One sign of a classic book is that the critiques it offers remain valid for years after being penned. F. A. Hayek’s famous book, The Road to Serfdom, demonstrates that quality. As the battle continues to rage between advocates of free market systems and various forms of socialism, Hayek’s diagnosis of the likely end of directed economic systems—namely, tyranny—illustrates why advocates of markets have not simply rolled over and played dead, despite the economic and social realities of economic problems.
Another sign of a classic book is that it has explanatory power and offers brief summaries that could have been expanded to book length treatises. The Road to Serfdom contains dozens of examples of succinct statement of a deep, complex economic and social problems that arise from attempts to plan the economy.
The book, overall, is a masterpiece that deserves to be read and that contemporary supporters of socialism should be forced to reckon with. A few points, however, arise from the wider tapestry of the work that deserve especial note.
First, contrary to popular representations that attempt to associate free markets to National Socialism, Hayek shows that the fascism promoted by the Nazi’s was an exacerbation of the socialist ideals that had been embedded in German society for several generations rather than a market response. This, of course, violates Godwin’s Law by invoking the Nazis. However, to be fair, the volume was written during World War II. However, the close connection between the totalitarianism of Nazism, much like Italian fascism and Stalinist communism, is a significant point of the entire volume. Attempts to plan the economy centrally lead to tyranny of various degrees.
Second, Hayek is careful to differentiate the welfare state from economic socialism. He actually lauds the work of the British safety net in helping to ensure the basic needs of people are met when they are out of work. At the same time, he cautions against welfare efforts that that undermine the market.

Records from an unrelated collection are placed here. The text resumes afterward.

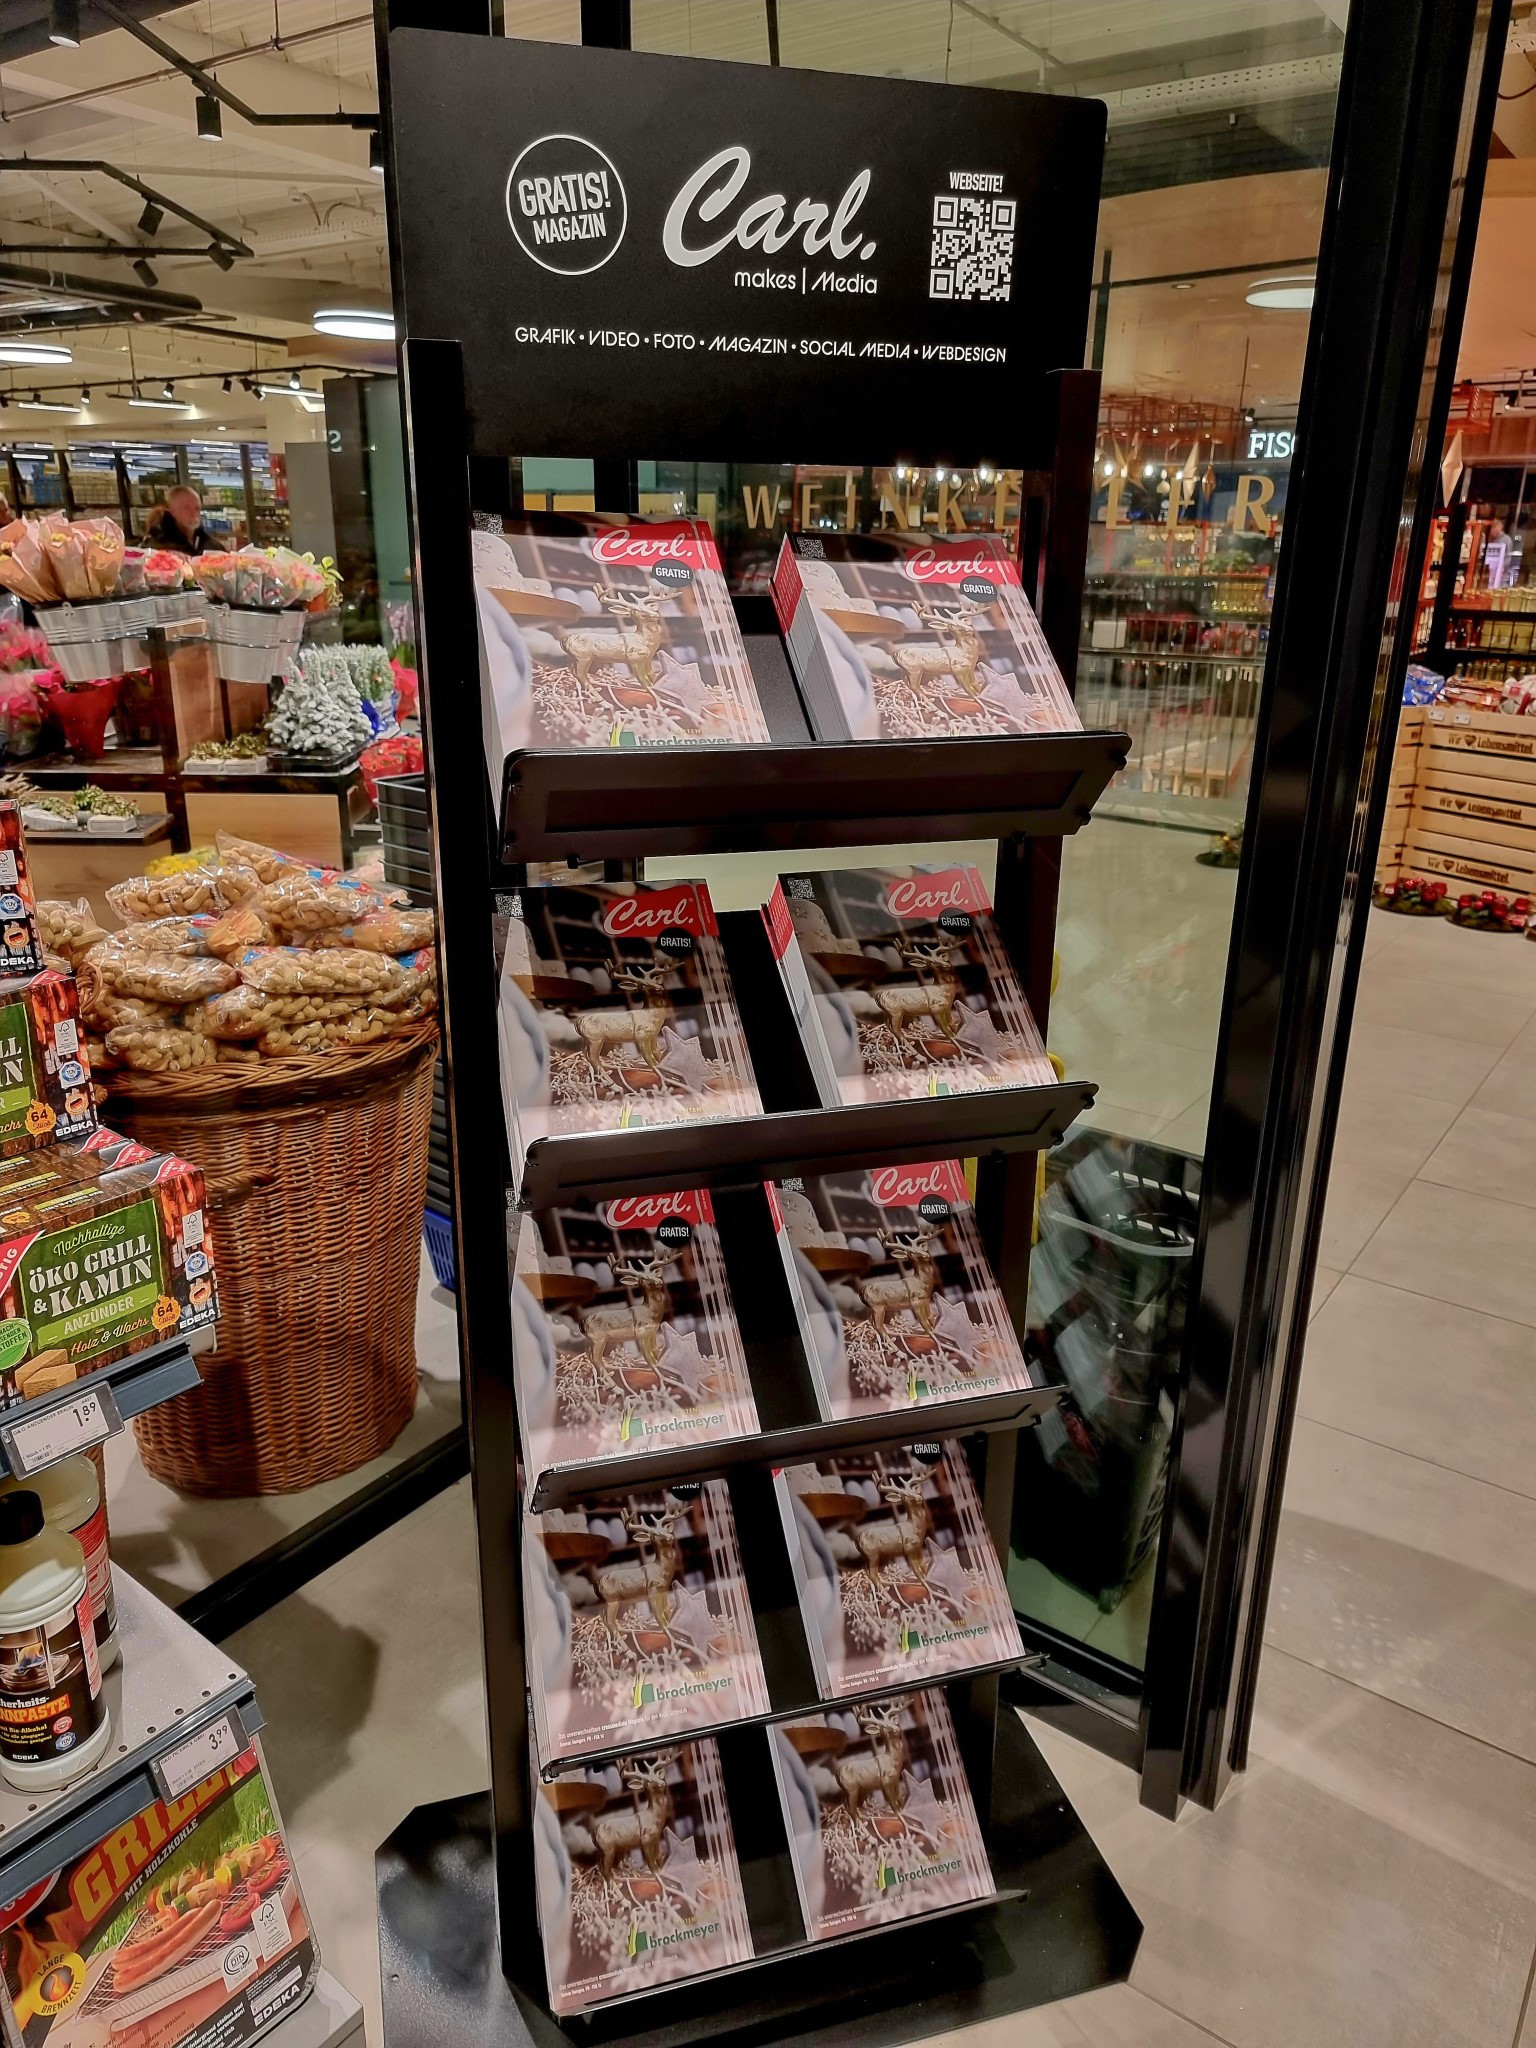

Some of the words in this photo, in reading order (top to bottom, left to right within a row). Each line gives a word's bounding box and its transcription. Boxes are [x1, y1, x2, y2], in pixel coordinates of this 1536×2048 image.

[518, 171, 612, 217] GRATIS!
[950, 171, 1004, 194] WEBSEITE!
[663, 146, 878, 267] Carl.
[533, 212, 607, 245] MAGAZIN
[734, 268, 796, 290] makes
[811, 271, 878, 294] Media
[515, 326, 575, 345] GRAFIK
[588, 329, 640, 347] VIDEO
[654, 333, 695, 350] FOTO
[708, 335, 788, 354] MAGAZIN
[800, 339, 856, 357] SOCIAL
[859, 341, 910, 359] MEDIA
[921, 344, 1007, 363] WEBDESIGN
[1247, 432, 1295, 458] FIS
[742, 474, 1276, 532] WEINKELER
[592, 529, 694, 561] Carl.
[656, 567, 690, 579] GRATIS!
[905, 549, 994, 580] Carl.
[963, 583, 995, 595] GRATIS!
[887, 881, 970, 916] Carl.
[603, 898, 694, 935] Carl.
[941, 917, 970, 927] GRATIS!
[660, 937, 692, 948] GRATIS!
[31, 1109, 48, 1122] 64
[56, 1120, 94, 1137] EDEKA
[872, 1168, 948, 1206] Carl.
[921, 1204, 949, 1215] GRATIS!
[53, 1224, 126, 1256] Nachhaltige
[659, 1227, 689, 1238] GRATIS!
[29, 1261, 79, 1294] ÖKO
[84, 1235, 151, 1274] GRILL
[33, 1299, 48, 1315] &
[49, 1255, 153, 1318] KAMIN
[64, 1296, 135, 1335] ANZÜNDER
[157, 1303, 173, 1317] 64
[179, 1309, 216, 1329] EDEKA
[71, 1339, 101, 1356] Holz
[101, 1331, 112, 1343] &
[113, 1317, 150, 1338] Wachs
[929, 1375, 1001, 1397] brockmeyer
[73, 1402, 96, 1428] 1.89
[645, 1413, 725, 1436] brockmeyer
[914, 1443, 941, 1455] GRATIS!
[921, 1625, 990, 1647] brockmeyer
[656, 1676, 733, 1702] brockmeyer
[208, 1725, 228, 1750] 3.99
[124, 1879, 143, 1902] MIT
[145, 1818, 200, 1880] HOLZKOHLE
[897, 1859, 962, 1884] brockmeyer
[649, 1922, 719, 1948] brockmeyer
[37, 1953, 65, 1977] LANGE
[41, 1980, 82, 2014] BRENNZEIT
[254, 1984, 300, 2026] EDEKA
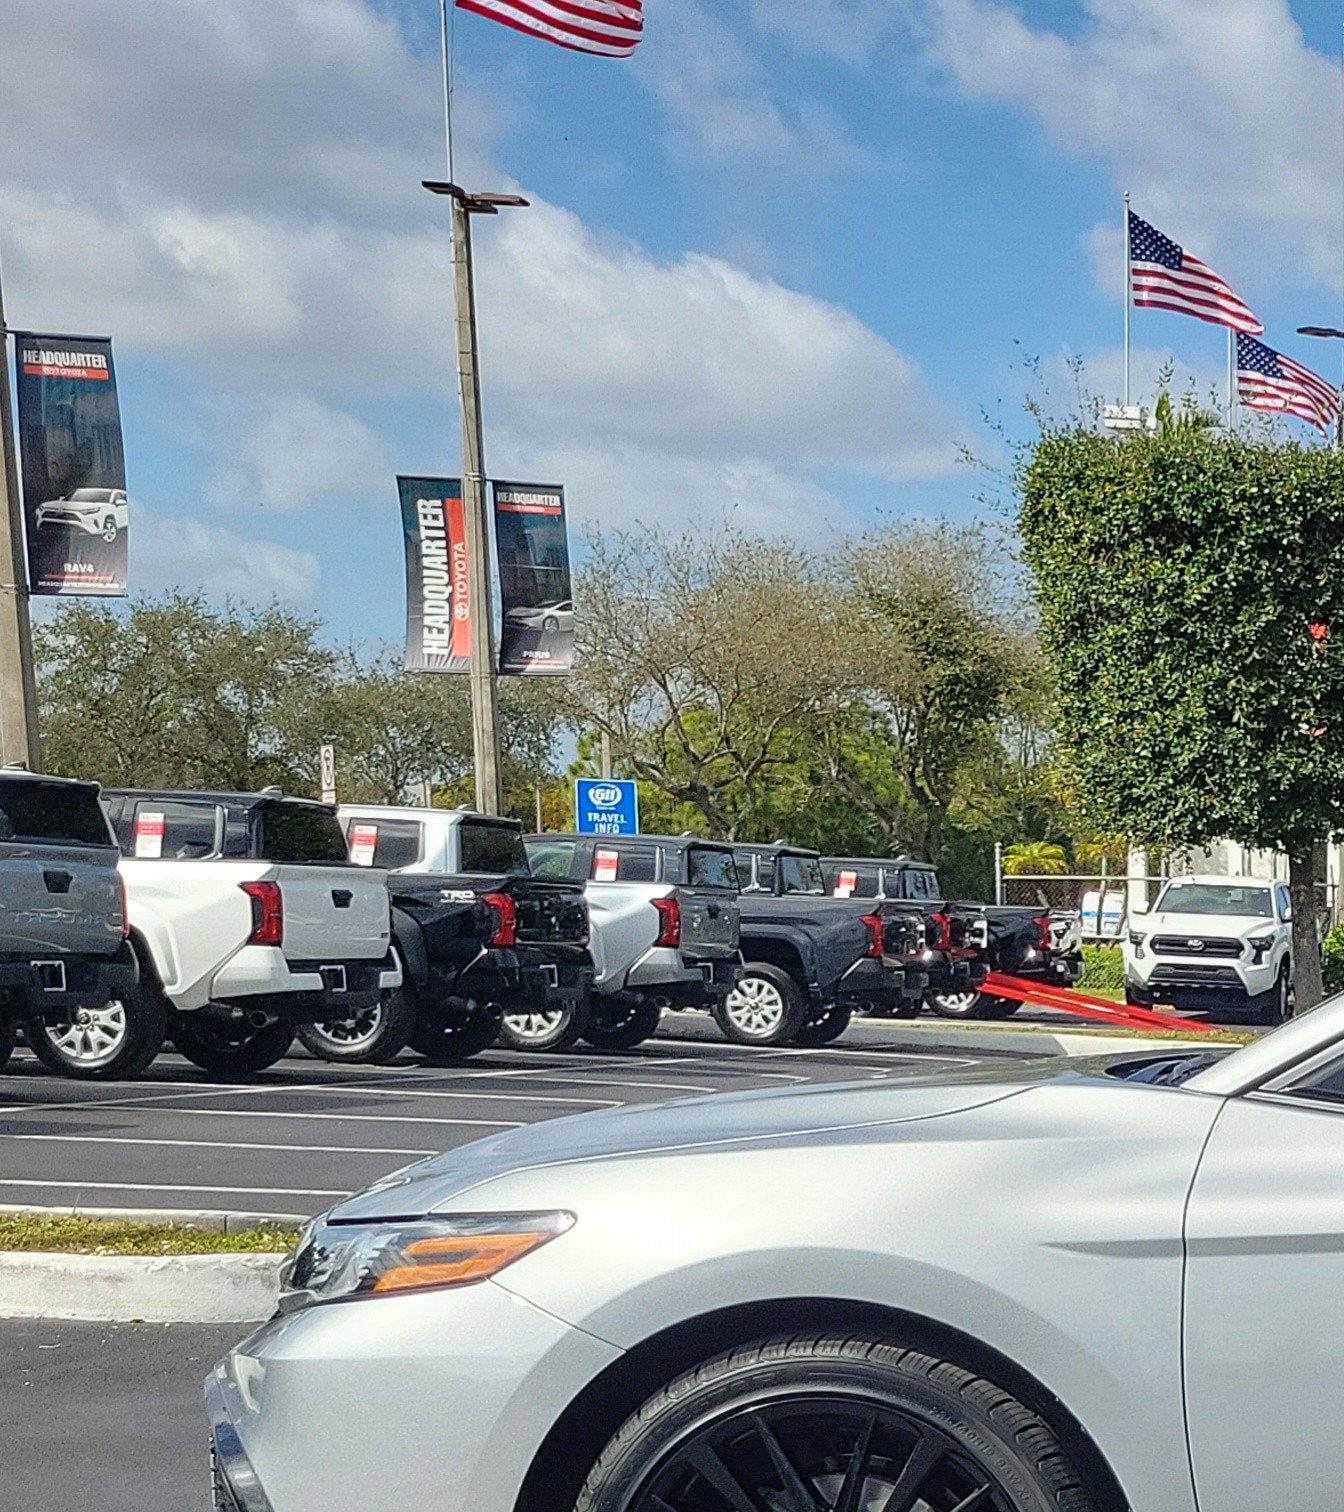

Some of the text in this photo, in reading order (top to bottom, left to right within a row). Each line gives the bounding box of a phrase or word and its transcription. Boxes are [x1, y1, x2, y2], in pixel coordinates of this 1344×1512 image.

[23, 349, 107, 369] HEADQUARTER
[497, 491, 561, 506] HEADQUARTER
[63, 562, 95, 573] RAV4
[452, 541, 471, 600] TOYOTA
[416, 498, 454, 656] HEADQUARTER
[587, 812, 628, 825] TRAVEL
[594, 822, 620, 834] INFO
[440, 890, 476, 900] TRD
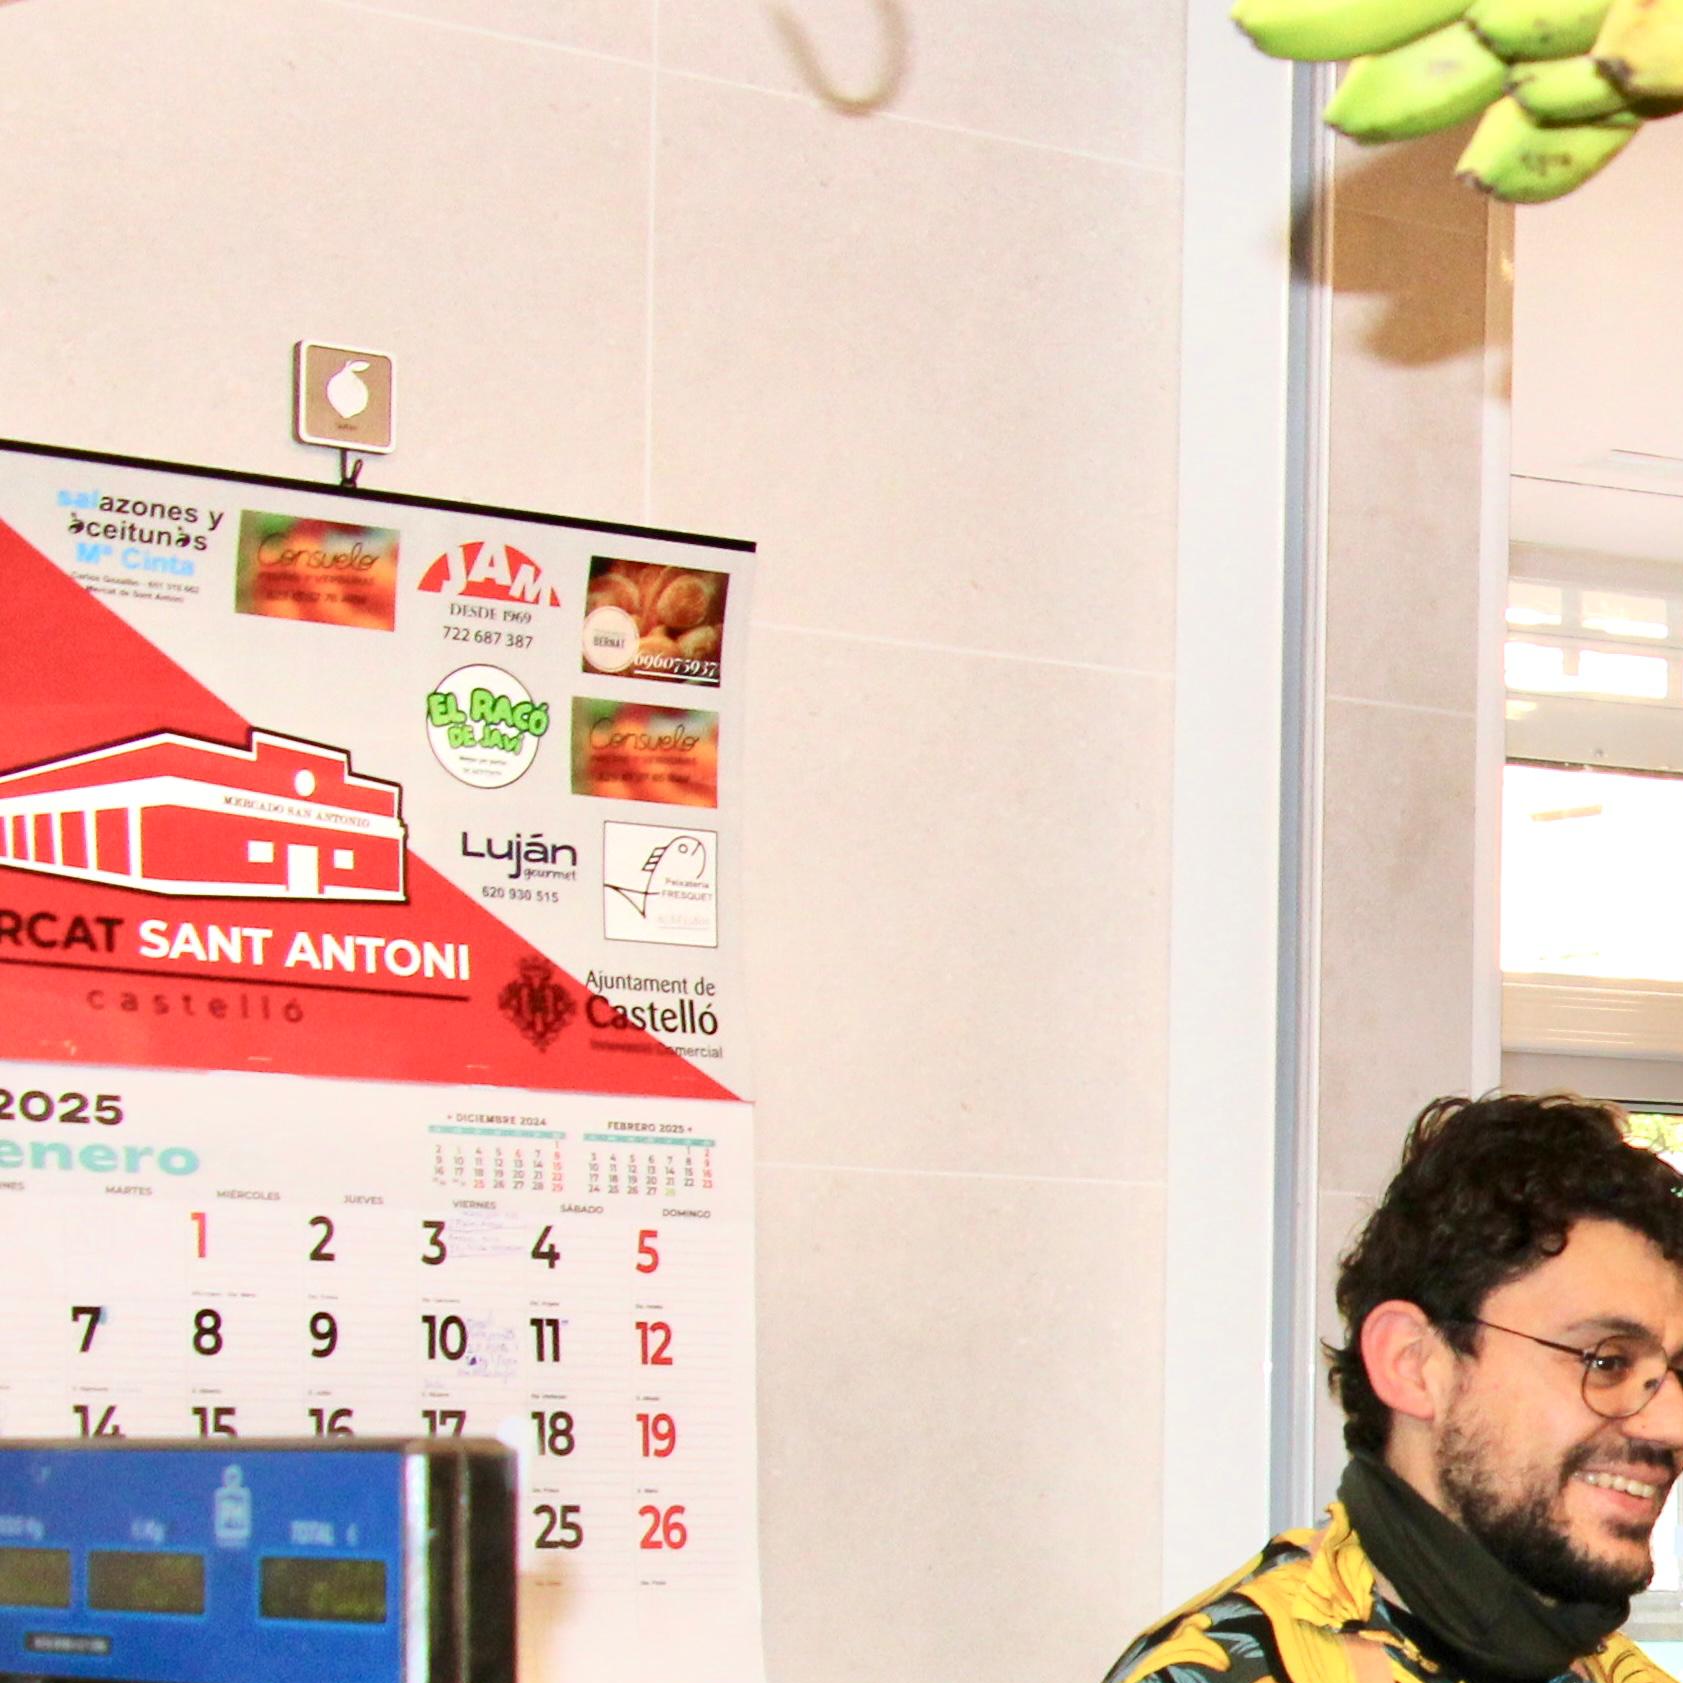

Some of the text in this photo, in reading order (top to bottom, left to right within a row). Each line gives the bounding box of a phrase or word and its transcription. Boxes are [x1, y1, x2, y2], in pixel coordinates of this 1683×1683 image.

An element that is missing from Hayek is a discussion of why liberty is a worthy end. That is, after all, the great advantage he lauds in the market system. Despite its inequities, the market system enables a greater freedom of choice for people. He argues for individualism, which is not quite the bogeyman contemporary opponents of markets make it out to be, but an effort to value the individual and to assert the rights of the individual even amidst the collective. Because of this lack, this work by Hayek is open to criticism that it can result in atomistic selfishness, but there are answers that are implied by the context. Hayek represents there are limits to human freedom, which should be enshrined in law. He is, therefore, not arguing for a Randian version of anarcho-capitalism. Hayek also recognizes there are externalities (like pollution) that may need to be regulated apart from market influences.
In short, despite the lack of explicit reasoning about certain moral assumptions, the market economy that Hayek lauds in this text is a far cry from the strawman constructed by many of capitalism’s critics. It is also quite a distance from the dangerous individualistic vision of market participation that is offered by some of the free markets popular supporters. There is a moral thickness to Hayek that, while still falling short of biblical adequacy, represents a better foundation than many, both supporters and detractors, assume.
A strength of the text is that Hayek shows that good intentions in economic planning do not make up for the inability of humans to adequately plan. The range of social goods that are valued by different people make it impossible for central planners to prioritized the preferred goods of the population, since there will always be competition between those goods. The priority of goods must, therefore, be imposed rather than derived and will thus lead to the constraint of reasonable and warranted freedoms of many to meet the goods of the empowered few planners.
Here again, the lack of an ethical consensus that can drive the social action of the planners reveals that economic reasoning is second order. That is, moral virtue must precede the economic system. Any economic system is doomed to reveal the moral failings of its constituent members. Hayek’s argument and historical economic evidence reveals that markets have the best internal mechanism for mitigating vices apart from centralized planning. Still, a market driven by an immoral people will merely enlarge their immoralities. There is, perhaps, greater danger in enforcing evil as an intended “good” in collectivist economics that makes the ability in a market system of to refuse to participate in immorality preferable.
Hayek also reveals that today’s arguments that “socialism must be implemented because of impending doom” is nothing new. There is nothing new under the sun. Human nature is consistent in any economic system. Our task is to work toward the best possible system of economics that will encourage human flourishing. There are many who believe, as Hayek does, that free markets tend to do that better than various forms of collectivist economics.